Data excerpts:
---------------

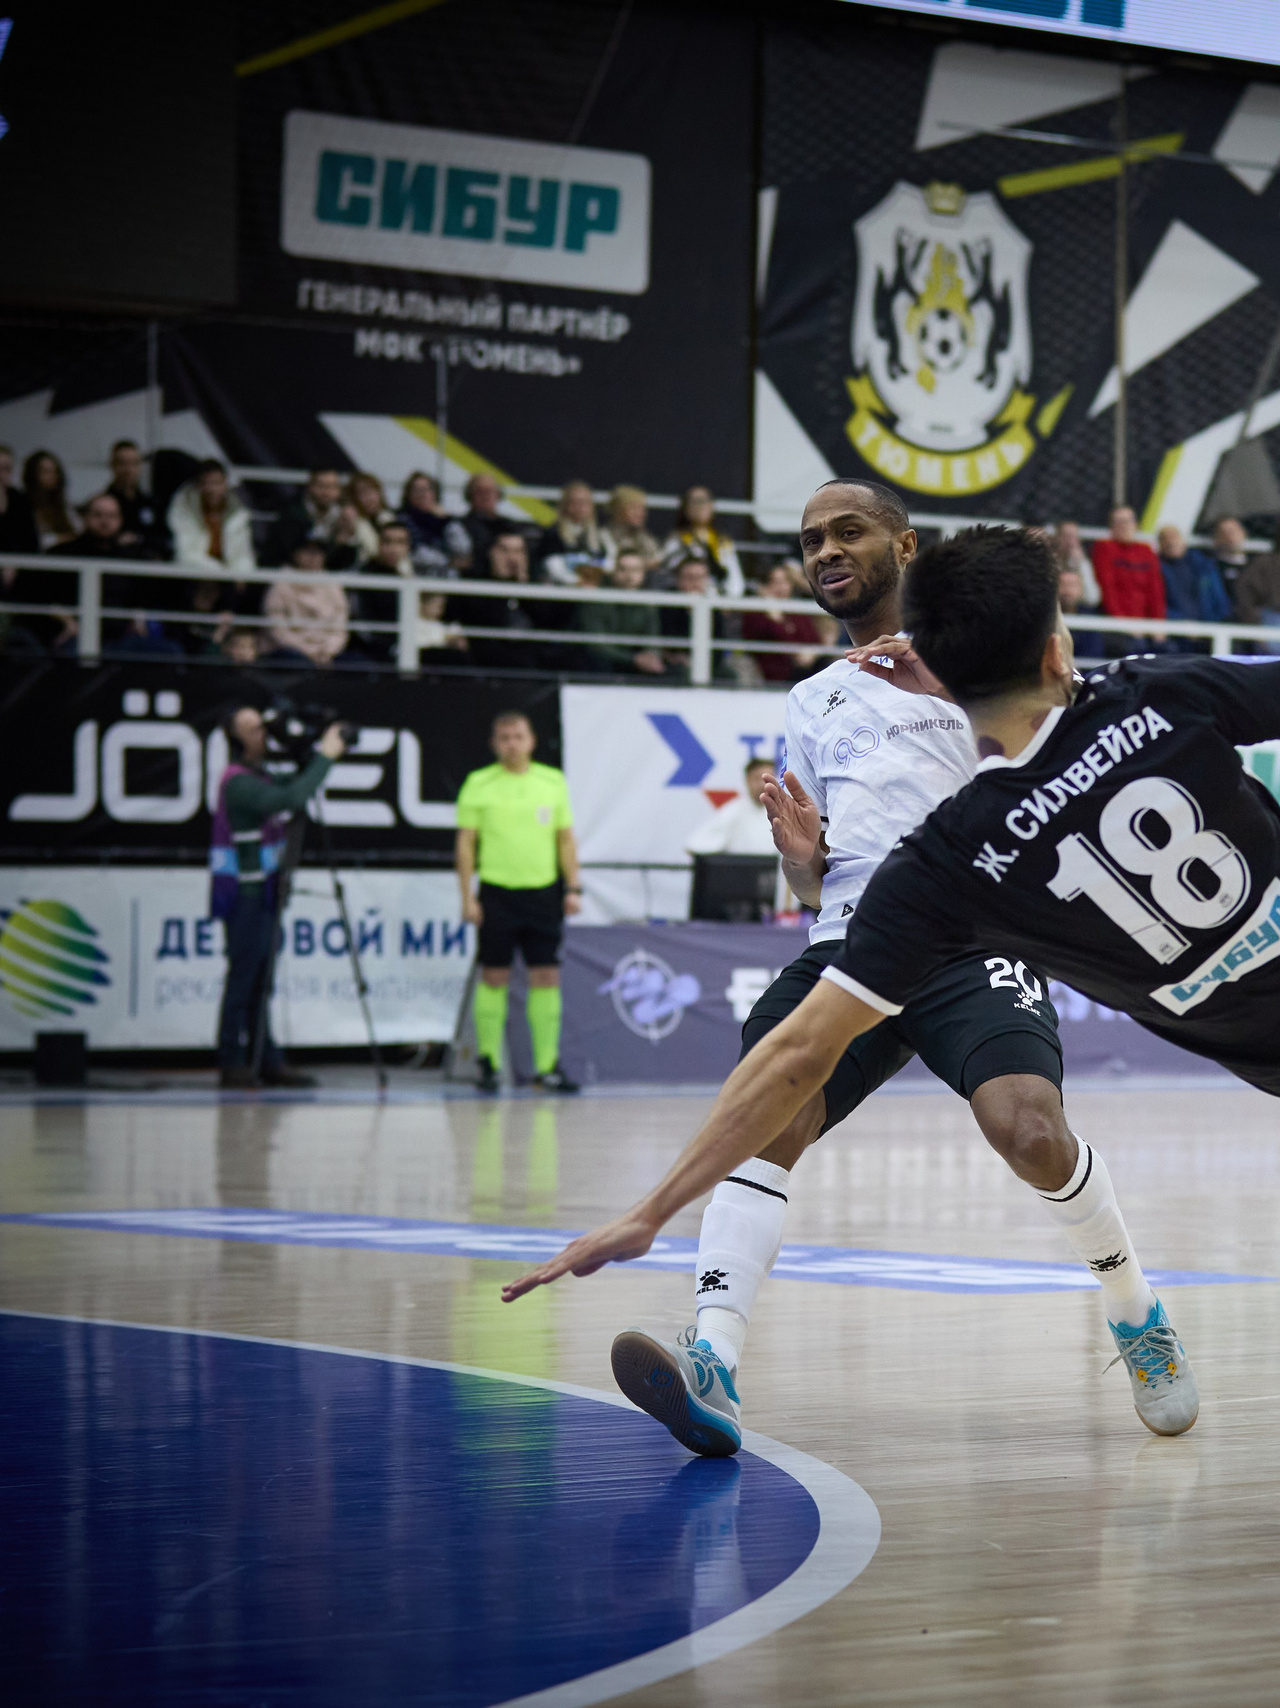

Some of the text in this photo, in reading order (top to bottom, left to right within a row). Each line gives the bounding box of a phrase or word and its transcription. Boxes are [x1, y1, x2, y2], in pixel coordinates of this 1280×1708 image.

[314, 149, 621, 252] СИБУР
[298, 279, 631, 341] ГЕНЕРАЛЬНЫЙ ПАРТНЁР
[857, 419, 1026, 490] ТЮМЕНЬ
[822, 697, 847, 718] KELME
[886, 718, 964, 741] НОРНИКЕЛЬ
[972, 841, 1020, 883] Ж.
[1005, 706, 1174, 840] СИЛВЕЙРА
[1046, 776, 1251, 965] 18
[157, 908, 468, 960] ДЕВОЙ МИ
[983, 957, 1043, 1002] 20
[1013, 1002, 1041, 1017] KELME
[696, 1284, 729, 1296] KELME

---------------

PROBLEM TO WORK ON
Pictures aside, retype all of the entries word for word.

ANSWER BOX
Some of the text in this photo, in reading order (top to bottom, left to right within a row). Each line gives the bounding box of a phrase or word and its transcription. Boxes are [x1, y1, x2, y2], in pixel coordinates of this 1280×1708 image.

[314, 149, 621, 252] СИБУР
[298, 279, 631, 341] ГЕНЕРАЛЬНЫЙ ПАРТНЁР
[857, 419, 1026, 490] ТЮМЕНЬ
[822, 697, 847, 718] KELME
[886, 718, 964, 741] НОРНИКЕЛЬ
[972, 841, 1020, 883] Ж.
[1005, 706, 1174, 840] СИЛВЕЙРА
[1046, 776, 1251, 965] 18
[157, 908, 468, 960] ДЕВОЙ МИ
[983, 957, 1043, 1002] 20
[1013, 1002, 1041, 1017] KELME
[696, 1284, 729, 1296] KELME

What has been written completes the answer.